Pioneiro nas discussões sobre a unidade essencial das religiões.
Autor, dentre outros livros, do seminal Essential Unity of All Religions (1932).
Por uma destas estranhas circunstâncias da vida, hoje, 15/10/17, Dia do Professor, e data de aniversário de um ano deste Livro Blog, enquanto procurava algum material de Bhagavan Das, a quem considero o precursor do modelo de Universidade Śuddha e Patrono da Universidade do Coração, deparei-me com o seu pequeno livrinho Studies in the Bhagavad Gîtâ by the Dreamer: The Yoga of Discrimination (London, Theosophical Publishing Society, 1902). Bhagavan Das, o guru espiritual que me inspira e acompanha, o grande mestre e precursor do Śuddha Dharma, apresenta-se no título como ninguém menos que "The Dreamer" (O Senhor dos Sonhos), o personagem que aparece no misterioso e pouco conhecido manuscrito de Dr. R. V. Khedkar, The Dream Problem (Delhi: Practical Medicine, 1922), onde ele próprio também manifesta-se como um interlocutor. Em essência, este livro trata de uma pessoa que entra conscientemente no estado de sonho e lá encontra vários sábios, dentre eles, Vasishta, com quem discute os conceitos de realidade, estado de vigília, de sonho, sono profundo e transcendência.  Este que dorme, que sonha e desperta, por exemplo, é uma mesma pessoa? Como então não tem consciência de seus sonhos? Seria o mundo dos sonhos real e independente do mundo tal como o experimentamos no estado de vigília? Se este mundo se torna irreal para quem alcança a iluminação, quem nos garante que o próprio estado de iluminação não é apenas um outro tipo de sonho em relação a um estado de ser ainda mais elevado? 

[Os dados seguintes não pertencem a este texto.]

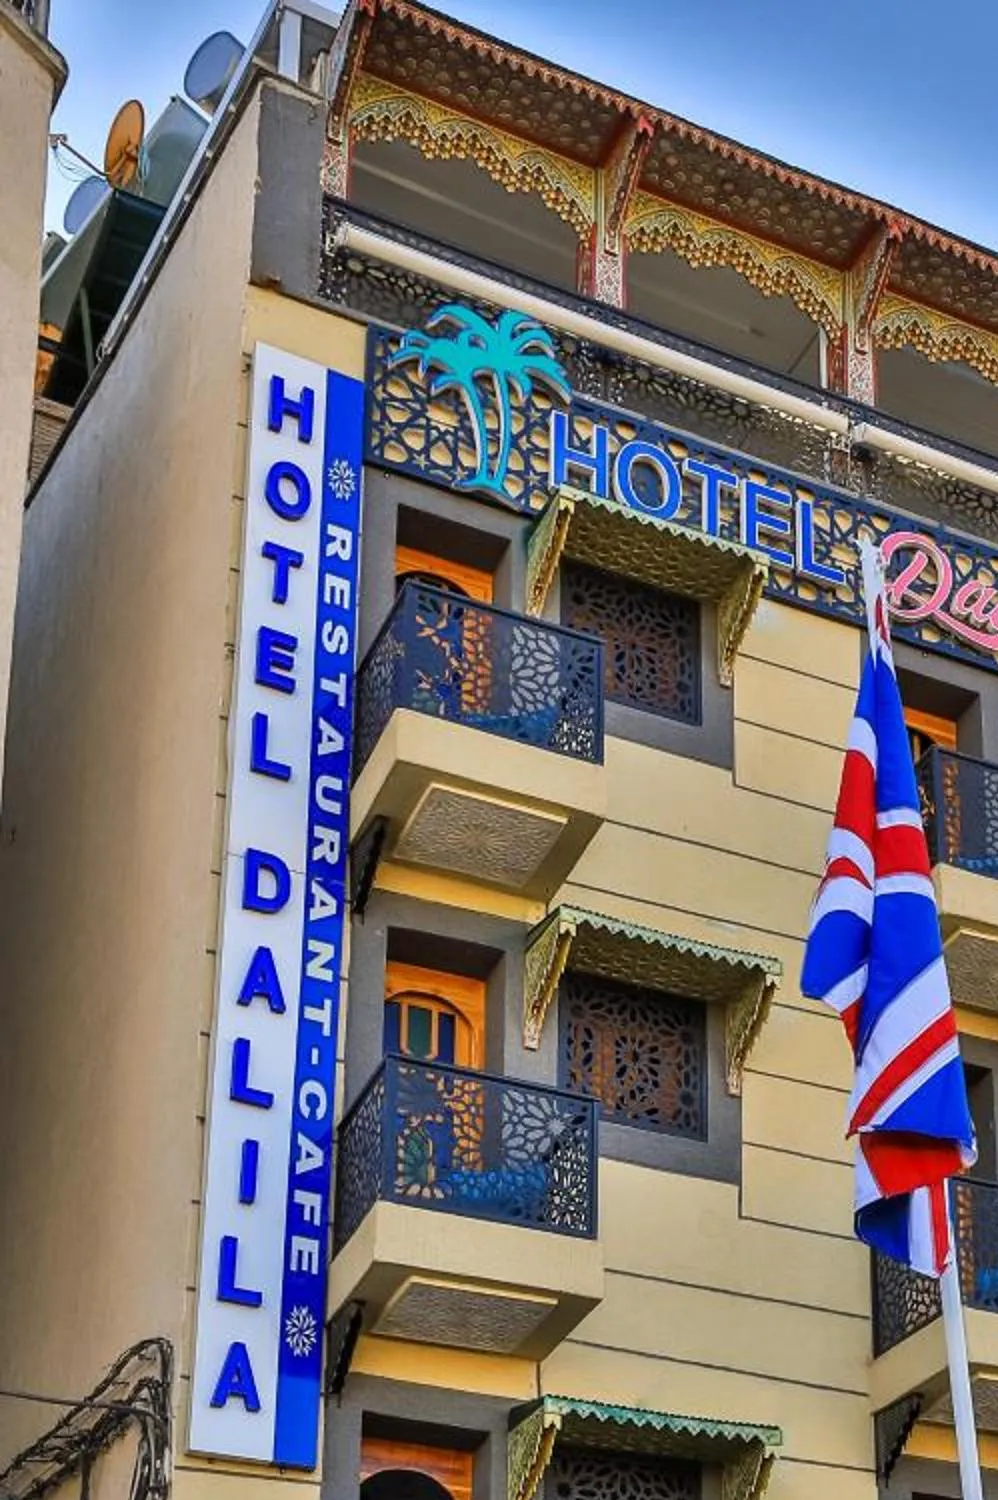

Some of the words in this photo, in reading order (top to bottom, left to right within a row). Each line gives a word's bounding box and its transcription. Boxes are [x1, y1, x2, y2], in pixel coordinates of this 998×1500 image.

[251, 374, 315, 782] HOTEL
[548, 408, 848, 585] HOTEL
[210, 847, 291, 1412] DALILA

Bhagavan Das dedicou a sua vida a lecionar e pesquisar sobre a essência do sagrado (śuddha dharma). Interpreta a Bhagavad Gītā como a Escritura Sagrada que trata da unidade essencial de todas as religiões. Nos EUA pode explorar este tema em seu seminal Essential Unity of All Religions (Benares, 1932). Trata, nesta mesma obra, detalhadamente, da Educação e do papel do Educador. Nada mais oportuno, portanto, que celebrar o Dia do Professor e o aniversário de um ano deste Livro-Blog relacionando o pensamento de Bhagavan Das ao aprendizado desenvolvido na série de vídeos e artigos deste capítulo sobre a arte de sonhar.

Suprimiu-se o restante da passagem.